** Exercise material follows **

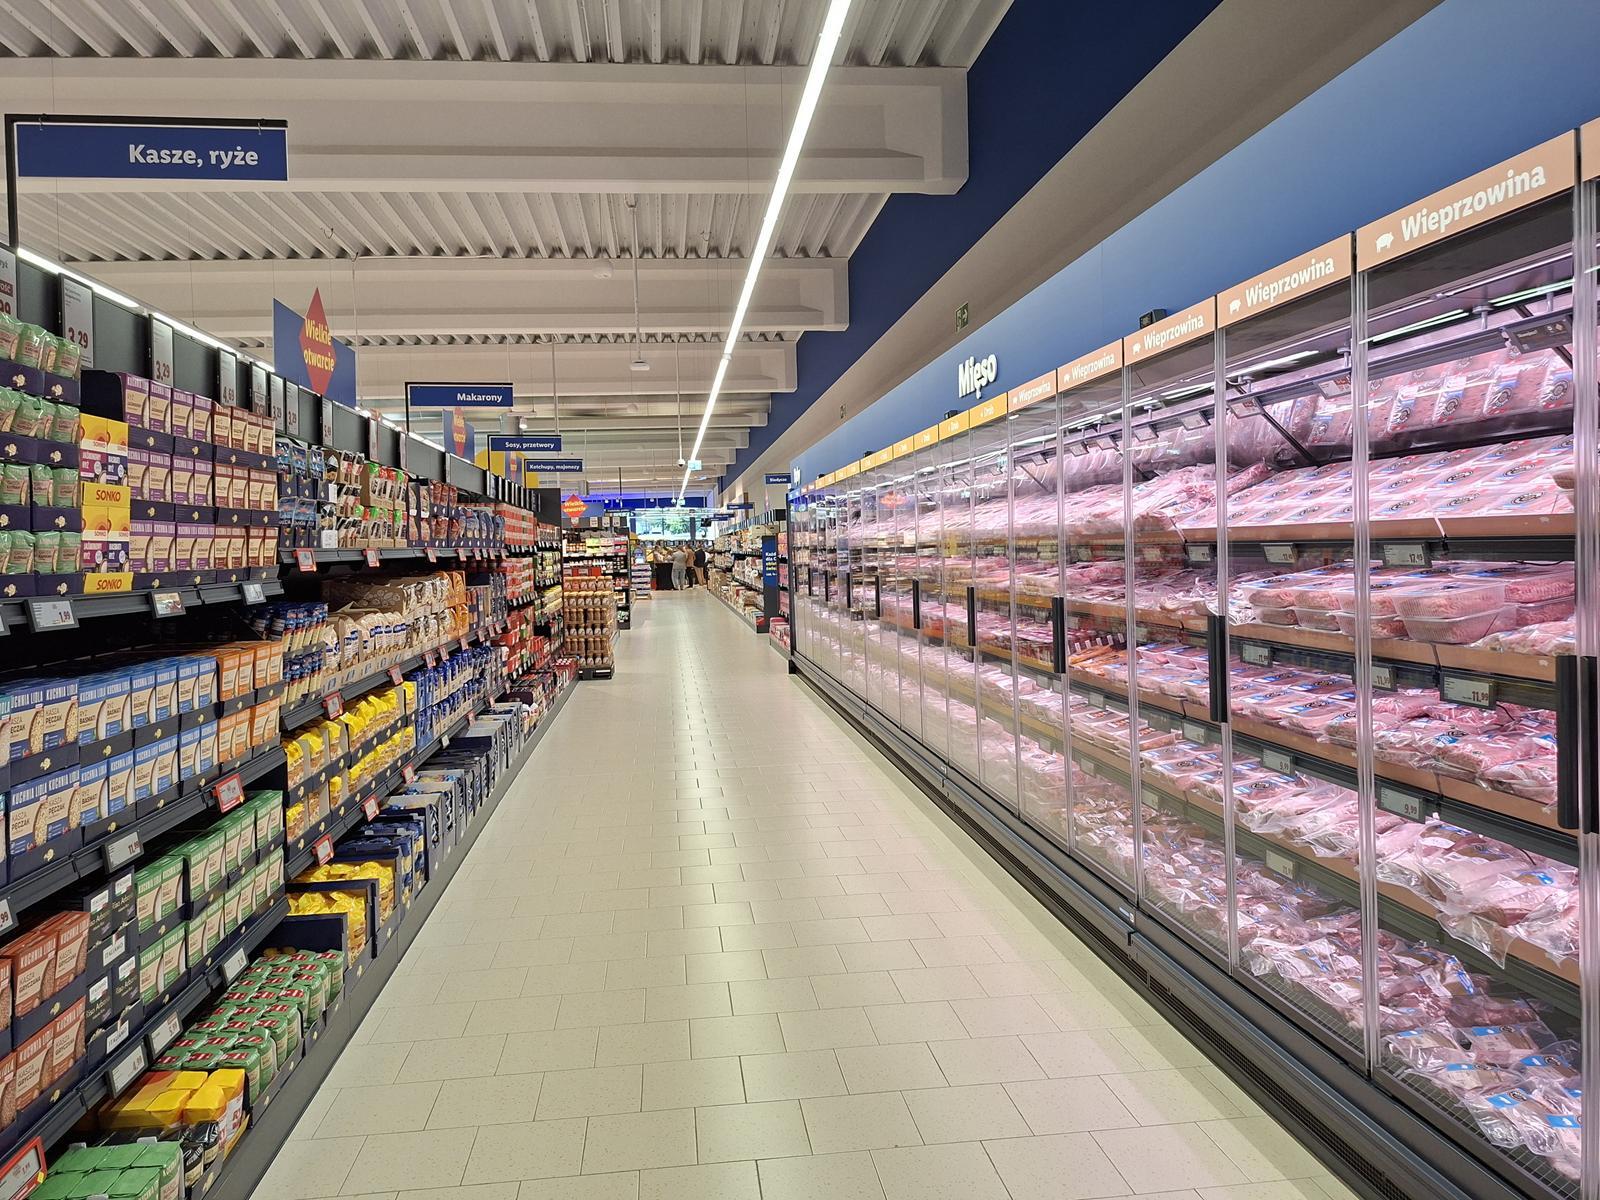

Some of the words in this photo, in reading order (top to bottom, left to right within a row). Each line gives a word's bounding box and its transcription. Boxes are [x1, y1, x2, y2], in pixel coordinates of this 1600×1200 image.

[129, 144, 203, 168] Kasze,
[209, 145, 258, 170] ryże
[1401, 165, 1546, 242] Wieprzowina
[1245, 254, 1335, 308] Wieprzowina
[305, 319, 332, 346] Wielkie
[1144, 314, 1204, 350] Wieprzowina
[303, 348, 335, 372] otwarcie
[1071, 352, 1115, 380] Wieprzowina
[958, 353, 998, 400] Mięso
[456, 392, 503, 404] Makarony
[505, 441, 522, 449] Sosy,
[523, 441, 555, 450] przetwory
[95, 489, 121, 502] SONKO
[96, 578, 123, 591] SONKO
[46, 686, 66, 701] KUCHNIA
[1472, 690, 1489, 703] 11.99
[49, 773, 69, 791] KUCHNIA
[12, 787, 35, 806] KUCHNIA
[1403, 802, 1418, 815] 9.99

** End of Exercise material **

Write out the entries above verbatim, without pictures.

▶ [Answer space]
Some of the words in this photo, in reading order (top to bottom, left to right within a row). Each line gives a word's bounding box and its transcription. Boxes are [x1, y1, x2, y2], in pixel coordinates of this 1600×1200 image.

[129, 144, 203, 168] Kasze,
[209, 145, 258, 170] ryże
[1401, 165, 1546, 242] Wieprzowina
[1245, 254, 1335, 308] Wieprzowina
[305, 319, 332, 346] Wielkie
[1144, 314, 1204, 350] Wieprzowina
[303, 348, 335, 372] otwarcie
[1071, 352, 1115, 380] Wieprzowina
[958, 353, 998, 400] Mięso
[456, 392, 503, 404] Makarony
[505, 441, 522, 449] Sosy,
[523, 441, 555, 450] przetwory
[95, 489, 121, 502] SONKO
[96, 578, 123, 591] SONKO
[46, 686, 66, 701] KUCHNIA
[1472, 690, 1489, 703] 11.99
[49, 773, 69, 791] KUCHNIA
[12, 787, 35, 806] KUCHNIA
[1403, 802, 1418, 815] 9.99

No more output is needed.